Шрифт:
Закладка:
Имея мало шансов стать врачом, она вышла замуж за студента-медика. На большинство преподавательских должностей и в исследовательские лаборатории замужних женщин не брали, поэтому Мириам работала секретарем, чтобы помочь мужу закончить учебу, и даже получила еще один диплом бакалавра – по секретарскому делу. Она никогда не забывала о своей цели – ученой степени. В конце 1920-х ей удалось проучиться первые два года по специальности «доклинические исследования» в Гарварде, а также пройти курс бактериологии и эмбриологии. Но, поскольку у нее не было 200 долларов на оплату, она так и не получила необходимых баллов для окончания обучения. Позже Рок удивлялся, что она единственный человек в истории Гарвардской медицинской школы, который изучал бактериологию и эмбриологию, не получив нужных баллов.
А еще она работала ассистентом в лаборатории своего мужа в Гарварде. Именно там она столкнулась с доктором Грегори Гуди Пинкусом, молодым биологом, с которым пересекалась во время учебы в Корнелле. Теперь он был одним из исследователей, которым она завидовала, – настоящим ученым. Позже Пинкус совместно с Роком изобрел противозачаточную таблетку. Но тогда он был занят совсем другим делом. Он только что приобрел известность как ученый-«франкенштейн», который оплодотворил кроличьи яйцеклетки в пробирке, подсадил их обратно матери и вырастил до здоровых и активных взрослых особей[302]. Теперь ему нужен был помощник.
Мириам с радостью взялась за эту работу, и началось ее дело длиной в жизнь – изучение зародышевых клеток. Она извлекала из гипофиза овцы два важных гормона: фолликулостимулирующий (ФСГ) и лютеинизирующий (ЛГ). Смешав их, она вводила суспензию в матку крольчихам, чтобы вызвать у них образование дополнительных яйцеклеток, или «суперовуляцию»[303]. Мириам была в восторге от своей работы. Как она однажды призналась Пинкусу, было бы замечательно, если бы эти экстракты можно было давать бесплодным женщинам, чтобы стимулировать овуляцию.
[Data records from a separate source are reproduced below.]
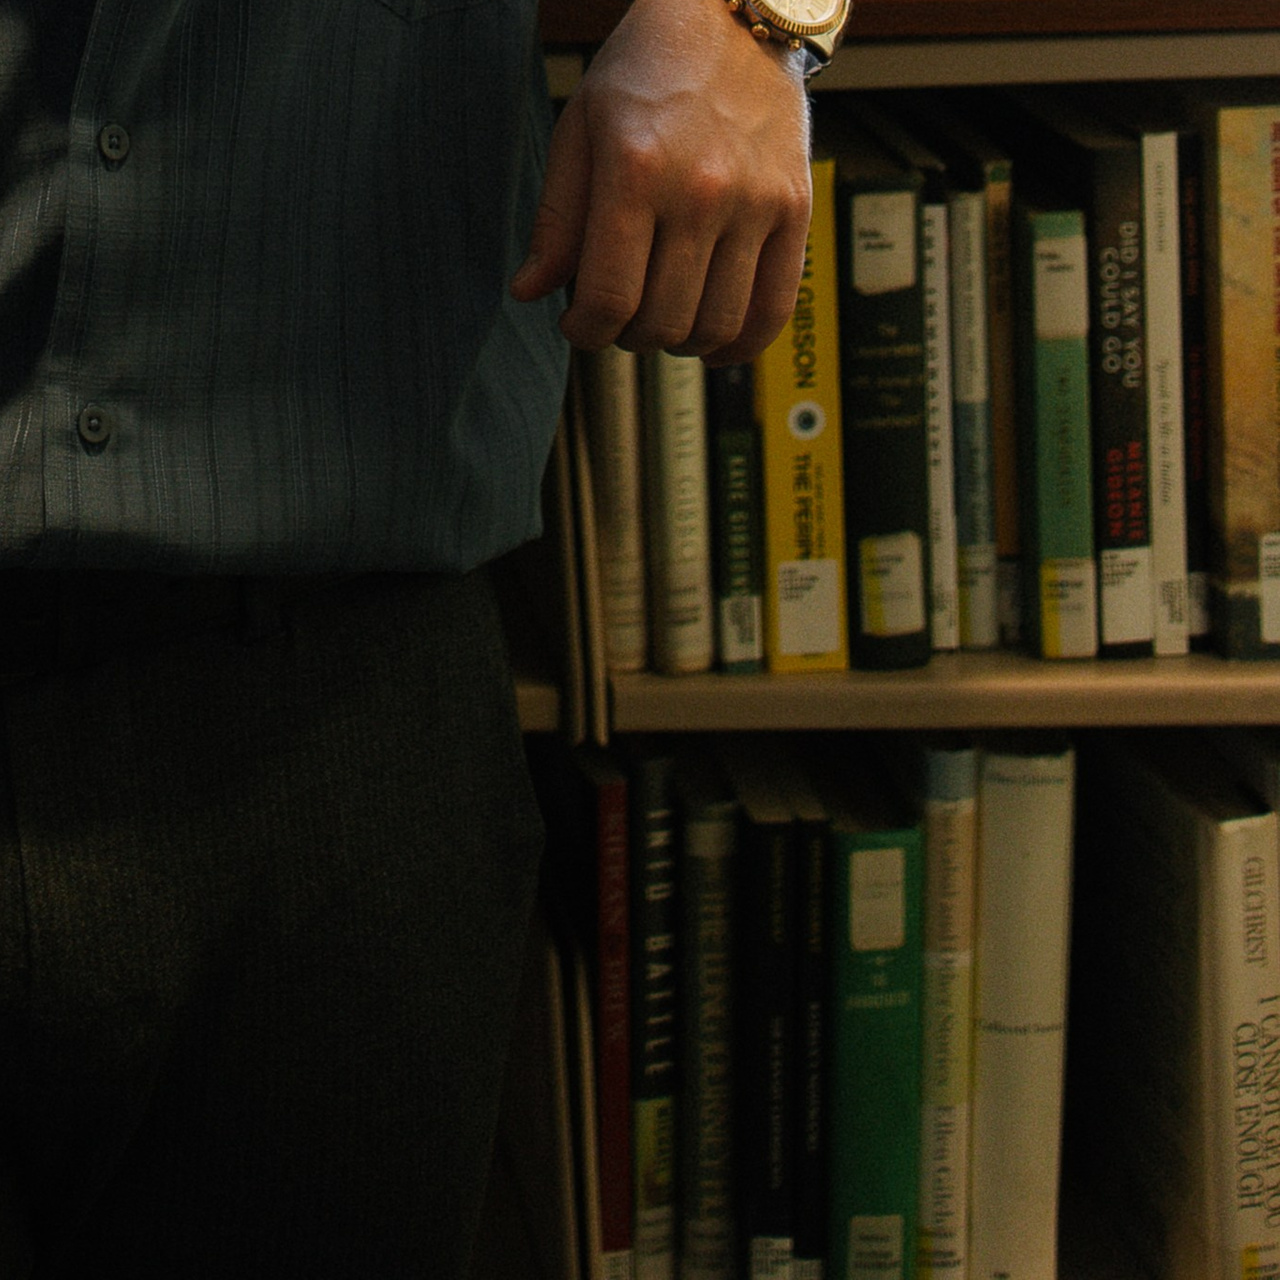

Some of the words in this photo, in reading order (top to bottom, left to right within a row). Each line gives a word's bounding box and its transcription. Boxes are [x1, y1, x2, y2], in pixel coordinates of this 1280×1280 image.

[1121, 222, 1140, 264] DID
[1122, 269, 1140, 280] I
[1101, 247, 1122, 329] COULD
[1123, 288, 1141, 328] SAY
[794, 286, 818, 391] GIBSON
[1102, 335, 1122, 374] GO
[1123, 335, 1143, 389] YOU
[793, 453, 813, 492] THE
[1106, 448, 1126, 537] GIDEON
[1126, 441, 1145, 541] MELANIE
[1242, 855, 1269, 967] GILCHRIST
[1232, 1022, 1259, 1096] CLOSE
[934, 1106, 958, 1160] Ellen
[1235, 1106, 1265, 1211] ENOUGH
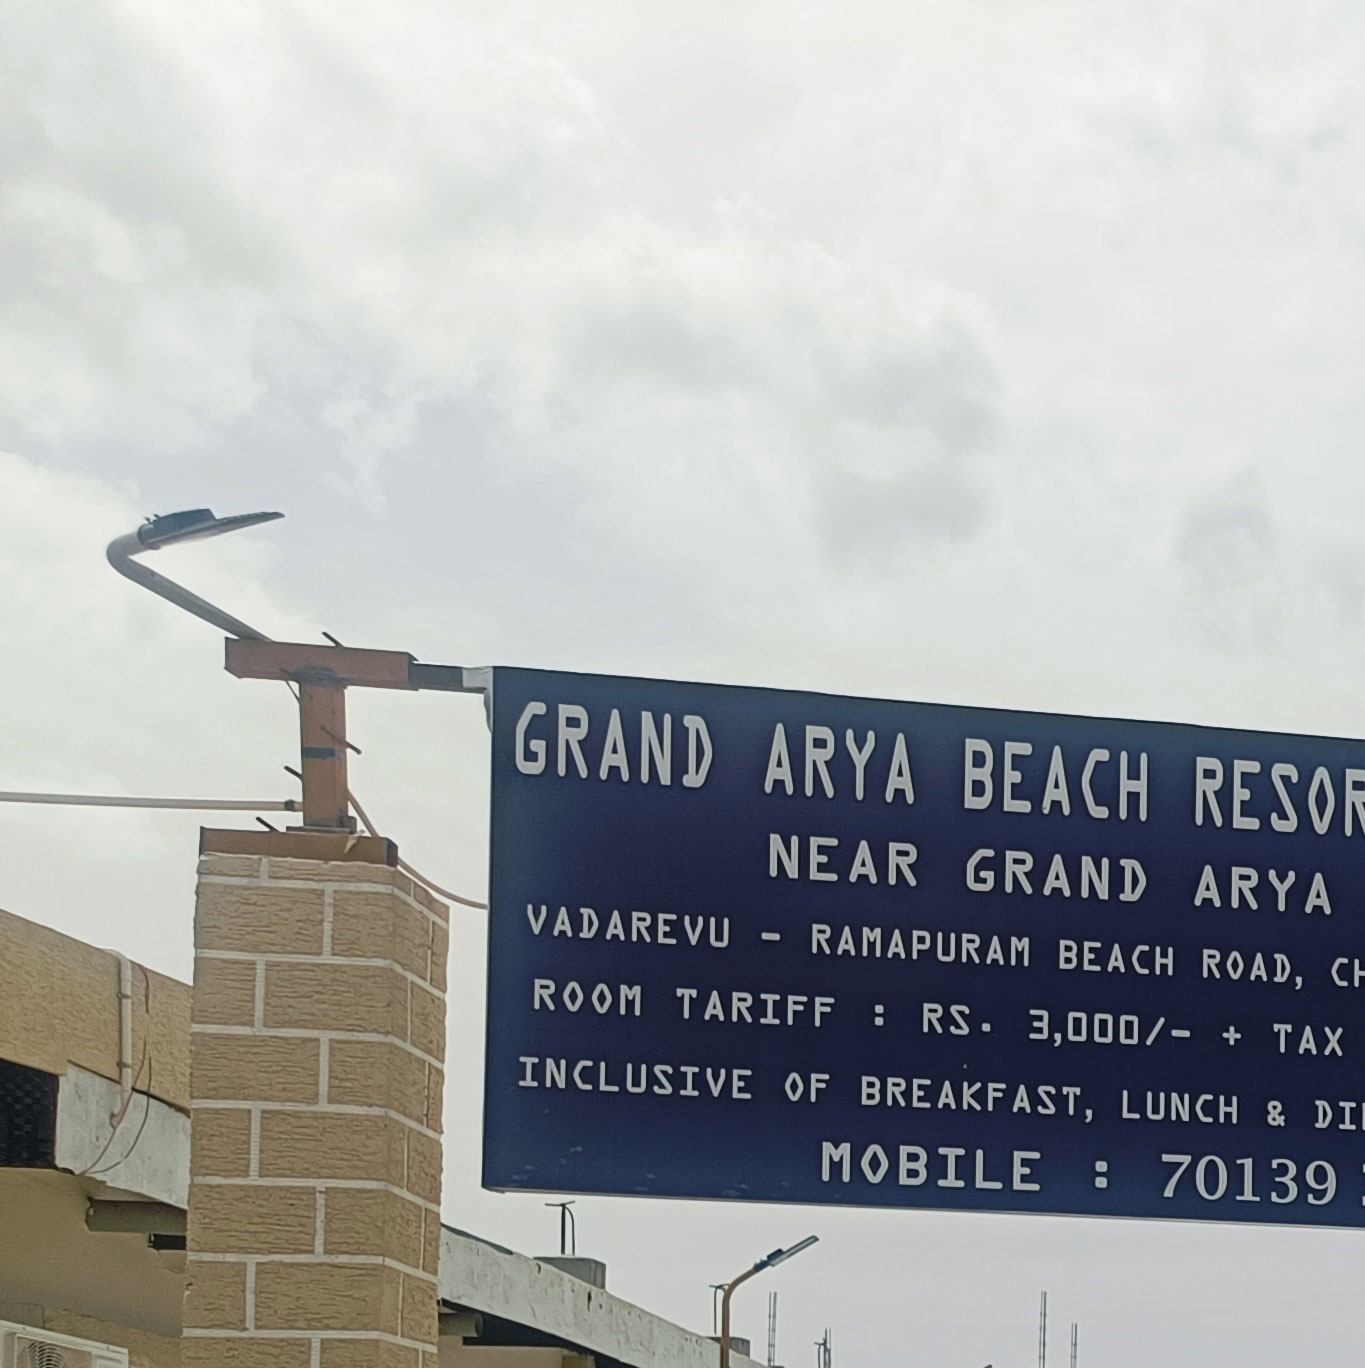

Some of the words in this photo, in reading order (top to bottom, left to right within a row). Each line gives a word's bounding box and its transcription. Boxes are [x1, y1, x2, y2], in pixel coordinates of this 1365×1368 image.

[516, 702, 712, 787] GRAND
[765, 723, 914, 804] ARYA
[965, 738, 1147, 821] BEACH
[770, 834, 917, 886] NEAR
[967, 849, 1146, 901] GRAND
[1195, 865, 1331, 914] ARYA
[527, 904, 728, 947] VADAREVU
[812, 924, 1029, 966] RAMAPURAM
[1060, 940, 1173, 975] BEACH
[1203, 949, 1302, 989] ROAD,
[534, 979, 640, 1016] ROOM
[677, 988, 834, 1026] TARIFF
[923, 1003, 990, 1035] RS.
[1030, 1010, 1190, 1046] 3,000/-
[1274, 1024, 1342, 1056] TAX
[519, 1057, 751, 1099] INCLUSIVE
[785, 1073, 829, 1102] OF
[862, 1076, 1092, 1122] BREAKFAST,
[1123, 1090, 1237, 1123] LUNCH
[822, 1142, 1040, 1190] MOBILE
[1162, 1154, 1336, 1204] 70139
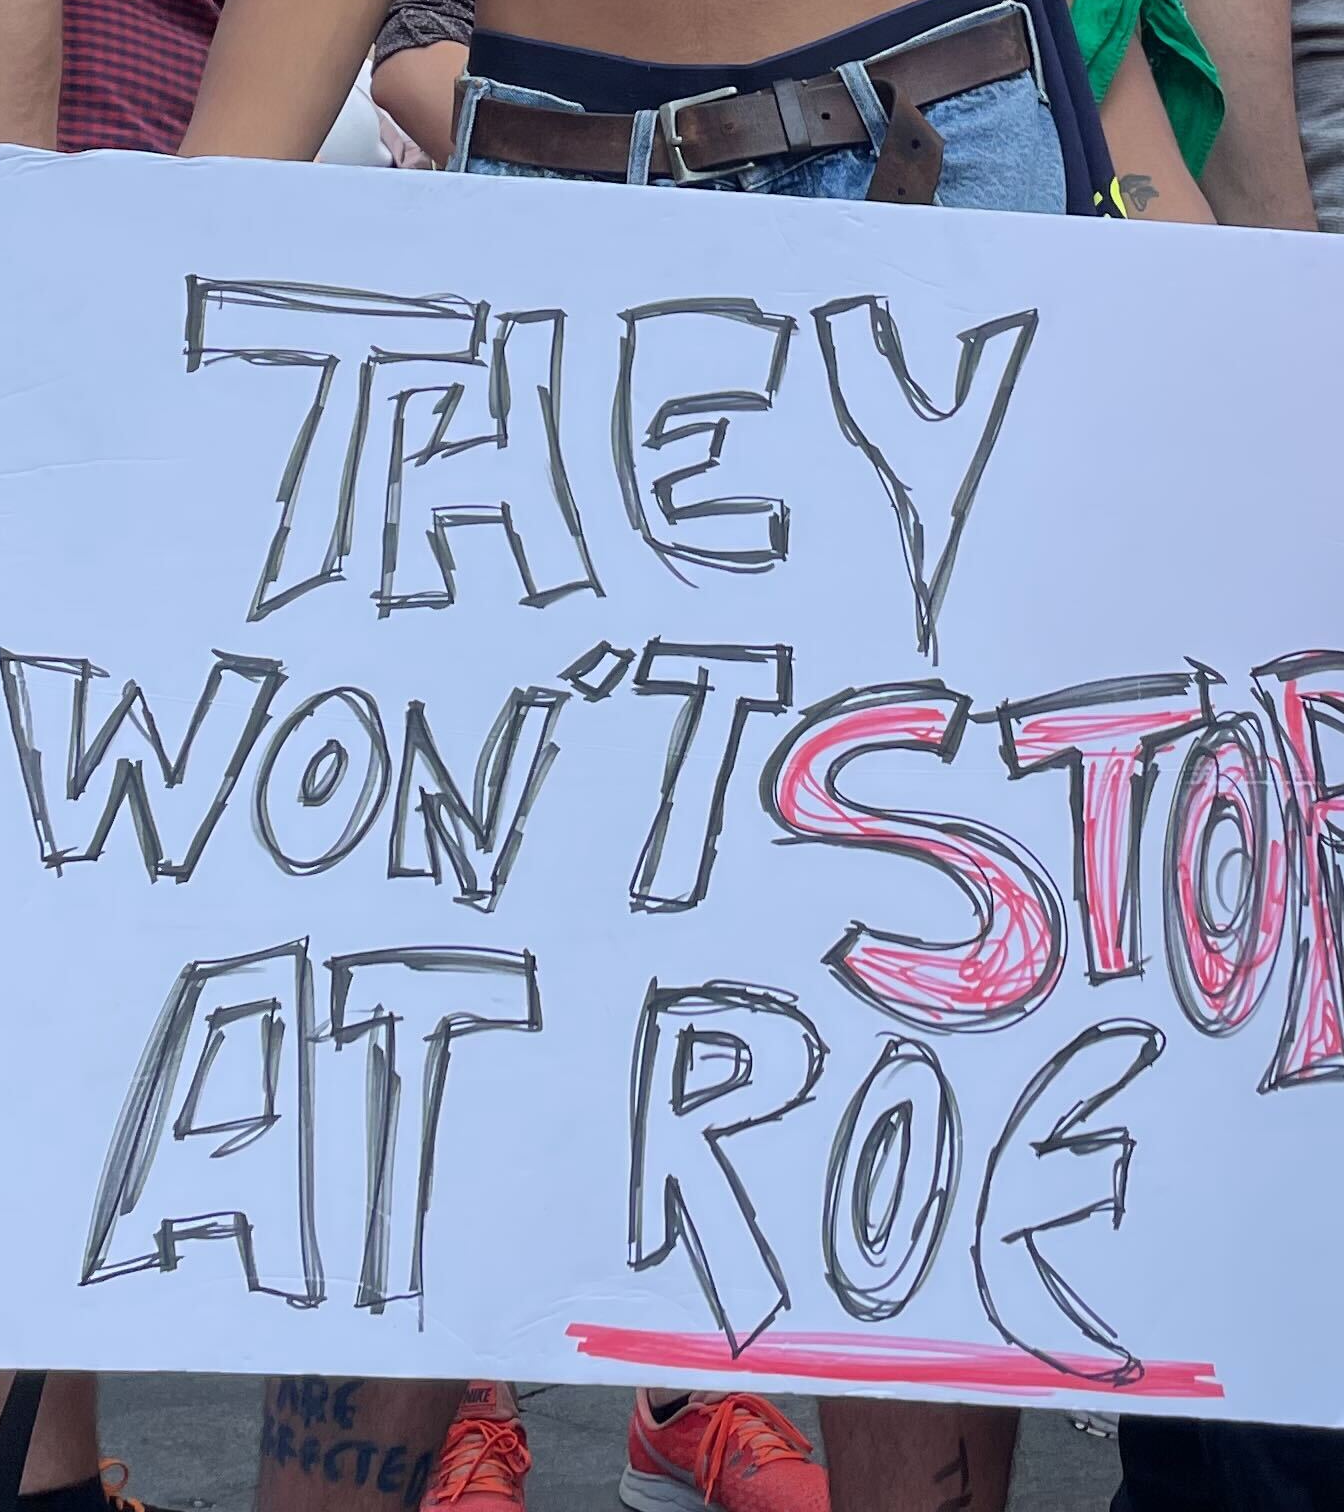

Примерно в то же время она забеременела сыном Габриэлем, что всегда приписывала случайному проглатыванию «сильнодействующего экстракта» в лаборатории Пинкуса.
Ее беременность после двенадцати лет брака с Вали стала не только радостью. Втайне Мириам копила деньги, чтобы развестись с мужем. Когда она поняла, что беременна, стало ясно: этот вариант исключен.
Пинкус опередил свое время. В 1930-х зарождение жизни в пробирке напоминало игры ученых в богов. Репортеры сравнивали его с сюжетом антиутопии «О дивный новый мир» Олдоса Хаксли, где массово выращивали генетически модифицированных детей в пробирках. В статье в журнале Collier рисовали картины будущего мира, где мужчины больше не нужны, «женщина самодостаточна, человеческая ценность равна нулю»[304]. New York Times предположила, что экстракорпоральное оплодотворение приведет к увеличению числа «человеческих детенышей, рожденных на свет “матерью-инкубатором”, которая не связана кровным родством с ребенком»[305], и что такая технология позволит некоторым женщинам «с особенностями» родить десятки детей при помощи суррогатных матерей.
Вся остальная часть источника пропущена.